A big part of China’s spending has been aimed at kickstarting a stalled foray into the $300 billion chip industry, where it’s struggled to create challengers to the likes of Intel Corp. and Qualcomm Inc. or replicate the production prowess of Taiwan Semiconductor Manufacturing Co. or Samsung Electronics Co.
China buys more than half the semiconductors sold each year but not one domestic chip manufacturer makes it into the global top 10. Homegrown chips account for less than one-tenth of local demand, and in 2013 China spent more money on chip imports than on oil, according to Sanford C. Bernstein. Now Beijing is aggressively playing catch-up.
“We heard that they have a mandate by 2020 that 40 percent of consumption of Chinese semiconductors were going to come from Chinese companies,” said Kevin Cassidy, an analyst at Stifel Nicolaus & Co.
The Beijing-backed shopping spree started in 2013, when Spreadtrum Communications Inc., a fledgling competitor to Qualcomm, was snapped up for $1.4 billion. The following year, RDA Microelectronics Inc. was sold for $770 million.

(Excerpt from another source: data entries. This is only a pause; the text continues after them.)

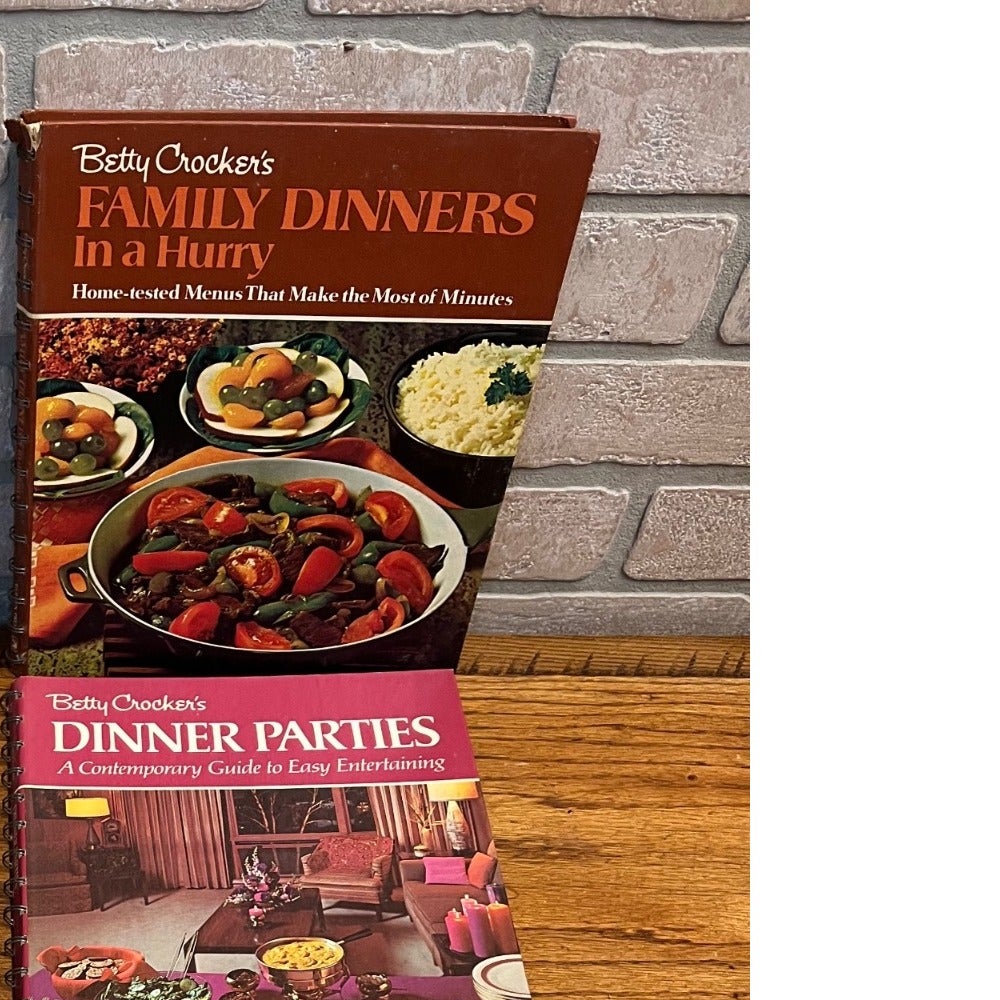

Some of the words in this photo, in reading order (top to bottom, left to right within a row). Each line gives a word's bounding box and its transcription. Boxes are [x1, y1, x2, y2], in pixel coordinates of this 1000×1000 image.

[72, 143, 150, 183] Betty
[155, 142, 275, 175] Crocker's
[77, 186, 271, 230] FAMILY
[280, 188, 537, 236] DINNERS
[74, 235, 113, 267] In
[121, 240, 145, 267] a
[156, 235, 275, 280] Hurry
[72, 283, 180, 300] Home-tested
[184, 284, 243, 301] Menus
[245, 285, 285, 302] That
[288, 286, 339, 303] Make
[342, 287, 370, 303] the
[372, 287, 415, 304] Most
[419, 289, 438, 305] of
[440, 289, 513, 306] Minutes
[45, 693, 108, 716] Betty
[112, 694, 207, 712] Crocker's
[51, 721, 246, 753] DINNER
[253, 715, 441, 752] PARTIES
[57, 760, 74, 775] A
[78, 760, 202, 779] Contemporary
[208, 758, 261, 775] Guide
[267, 759, 283, 774] to
[288, 759, 331, 776] Easy
[337, 755, 446, 773] Entertaining

The pace really picked up this year with the $1.9 billion purchase of OmniVision Technologies Inc., the $731 million acquisition of Integrated Silicon Solution Inc. and Tsinghua University’s investment in Western Digital. In July, Bloomberg reported that Tsinghua University was preparing a $23 billion bid for Micron Corp. Two weeks ago, China Electronics Corp. bid about $3.4 billion for chipmaker Atmel Corp., Bloomberg reported.
For Chinese investors, getting hold of U.S. technology will require more than convincing corporate boards and shareholders. U.S. officials at the Committee on Foreign Investment in the U.S. will have to be convinced that the acquisitions don’t threaten national security.
“There’s no way around it,” said Harry Clark, a lawyer at Orrick, Herrington & Sutcliffe LLP. “All else being equal you take the very same deal deal and it’s a Chinese government buyer on one hand and it’s a Luxembourg buyer on the other hand, there’s just no question the former will viewed more critically.”
Now China Inc. has Synaptics in its sights. The state-backed investment group bid $110 a share, a 70 percent premium to the company’s closing share price Tuesday. Synaptics, which is based in San Jose, California, isn’t interested in selling at that level, one of the people said, and may be holding out for as much as $125 a share.
Cassidy said buying Synaptics would help China compete with Apple’s new Force Touch technology, which lets users apply different levels of pressure to a screen. Synaptics has something similar and could share the know-how with Chinese handset makers such as Xiaomi Corp. as they try to combat the success of the iPhone in China, he said.